Fetching snapshot data, opts: env=gprd days=1 bucket_duration=hour zone=us-east1-d terraform=true filter=file..

╭─────────────────────────────────┬──────────────────────┬────────┬──────────────────────────────────────────────────────────────────────────────────────────────────────────────────────────────────────────╮
│ disk                            │ timestamp            │ delta  │ selfLink                                                                                                                                 │
╞═════════════════════════════════╪══════════════════════╪════════╪══════════════════════════════════════════════════════════════════════════════════════════════════════════════════════════════════════════╡
│ file-23-stor-gprd-data          │ 2023-04-06T14:02:53Z │ 01h60m │ https://www.googleapis.com/compute/v1/projects/gitlab-production/global/snapshots/file-23-stor-gprd-d-us-east1-d-20230406140252-crc9hy33 │
│ file-26-stor-gprd-data          │ 2023-04-06T13:04:27Z │ 02h60m │ https://www.googleapis.com/compute/v1/projects/gitlab-production/global/snapshots/file-26-stor-gprd-d-us-east1-d-20230406130426-pt2f6fwl │
...

Note: Snapshot age may be anywhere from minutes to 6 hours.

Gitaly recovery using disk snapshots

When a zone is lost, all projects on the affected node will fail.
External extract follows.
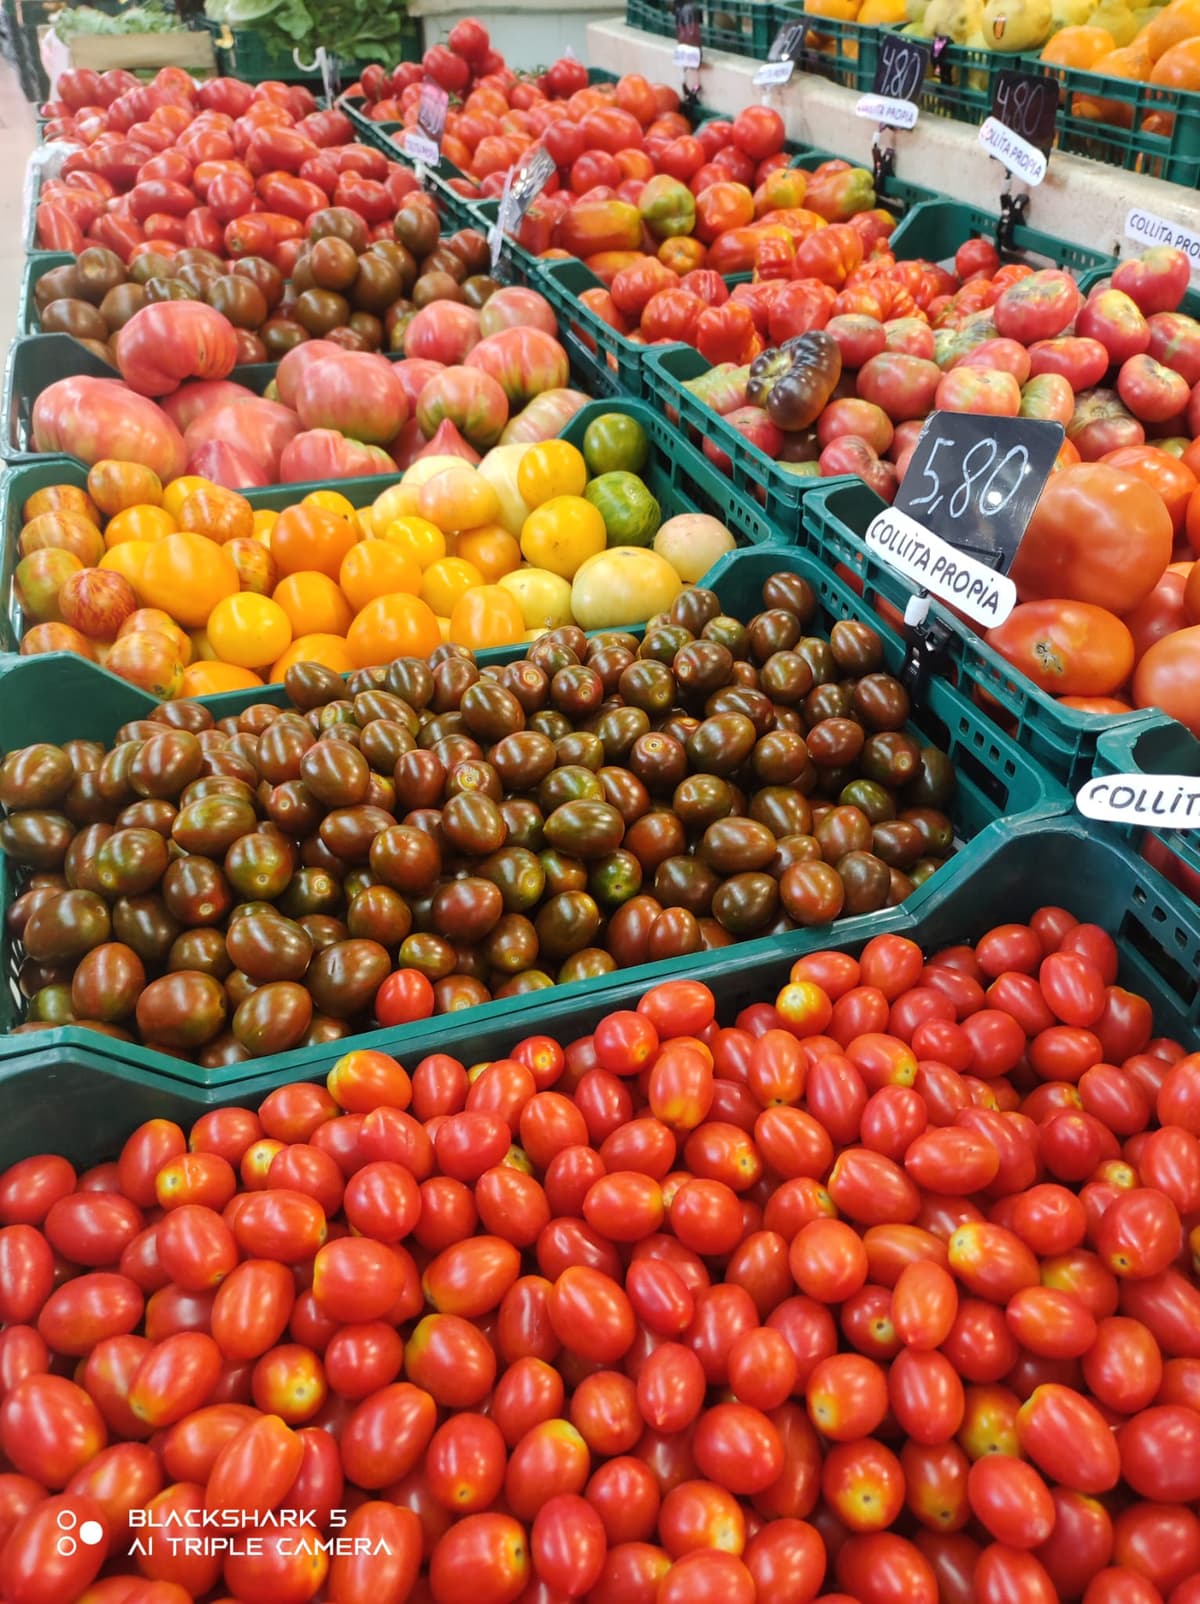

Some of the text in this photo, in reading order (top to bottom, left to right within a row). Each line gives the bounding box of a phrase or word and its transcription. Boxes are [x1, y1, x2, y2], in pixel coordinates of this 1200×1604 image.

There is no Gitaly data replication strategy on GitLab.com. In the case of a zone failure, there will be both a significant service interruption and data loss.
There are about 10 legacy HDD Gitaly VMs that are not currently tested for recovery during a zonal outage.

To recover from a zonal outage, new Gitaly nodes can be provisioned from disk snaphots. Snapshots are used to minimize data loss which will be anywhere from minutes to 1 hour depending on when the last snapshot was taken.

A script exists that can be used to generate MRs for Terraform, Chef, and GKE to replace Gitaly VMs that are part of the Gitaly Multiproject pattern. The script automatically attempts to allocated replacement Gitaly VMs equally into the other good zones. The MRs this script generates is capable of updating the GitLab configuration in GitLab.com for GKE pods and Chef managed VM nodes.

Redis

The majority of the load from the GitLab application is on the Redis primary. After a zone failure, we may want to start provisioning a new Redis node in each cluster to make up for lost capacity. This can be done in Terraform with a zone override (setting zone) on the corresponding modules in Terraform.

One of the Redis clusters, “Registry Cache” is is Kubernetes. To remove the failed zone, reconfigure the regional cluster with regional_cluster_zones as explained in the Kubernetes section above.

Warning: Provisioning new Redis secondaries may put additional load on the primary and should be done with care and only if required to add capacity due to saturation issues on the remaining secondaries.